DATASET RECORDS:
----------------

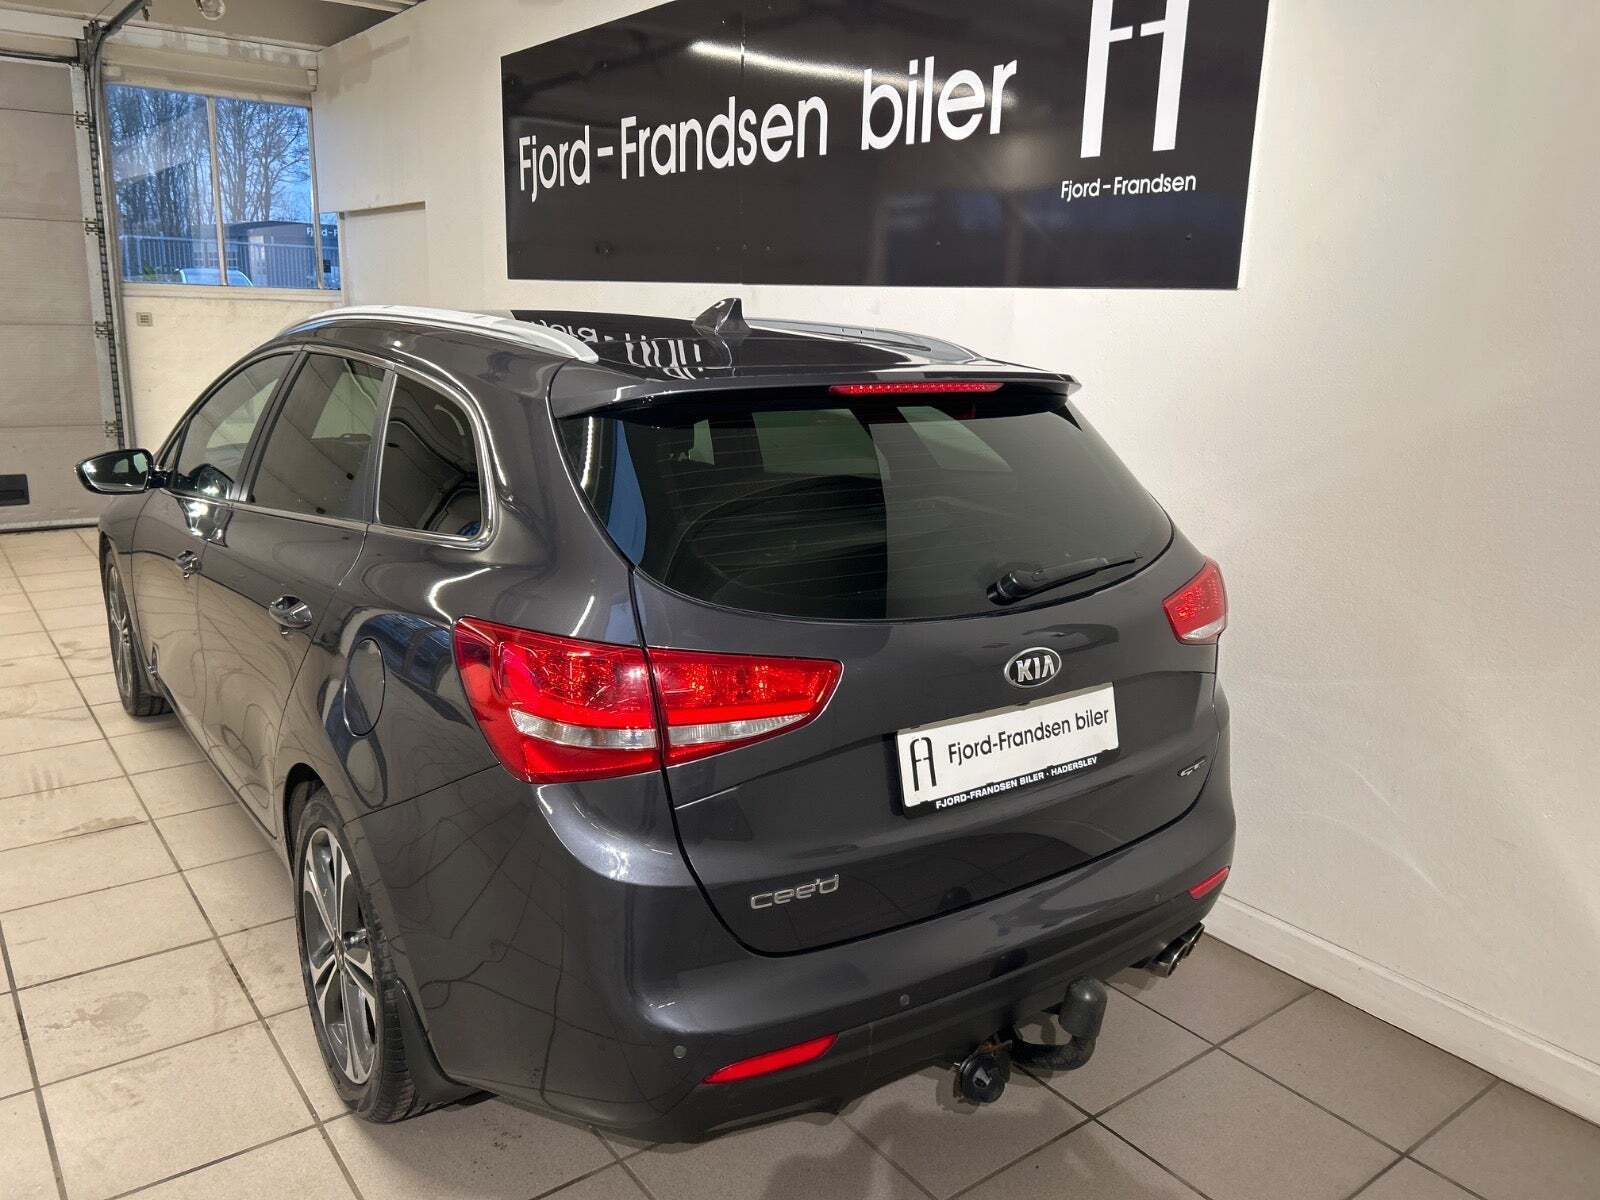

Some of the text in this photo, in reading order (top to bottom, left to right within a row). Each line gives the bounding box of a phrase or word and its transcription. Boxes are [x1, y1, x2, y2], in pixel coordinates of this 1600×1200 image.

[861, 57, 1018, 151] biler
[1016, 654, 1055, 682] KIA
[948, 718, 1071, 766] Fjord-Frandsen
[1075, 709, 1109, 731] biler
[935, 756, 1098, 809] FJORD-FRANDSEN BILER HADERSLEV

----------------

With the pictures left aside, write out all of the records above exactly.

WRITTEN SOLUTION:
Some of the text in this photo, in reading order (top to bottom, left to right within a row). Each line gives the bounding box of a phrase or word and its transcription. Boxes are [x1, y1, x2, y2], in pixel coordinates of this 1600×1200 image.

[861, 57, 1018, 151] biler
[1016, 654, 1055, 682] KIA
[948, 718, 1071, 766] Fjord-Frandsen
[1075, 709, 1109, 731] biler
[935, 756, 1098, 809] FJORD-FRANDSEN BILER HADERSLEV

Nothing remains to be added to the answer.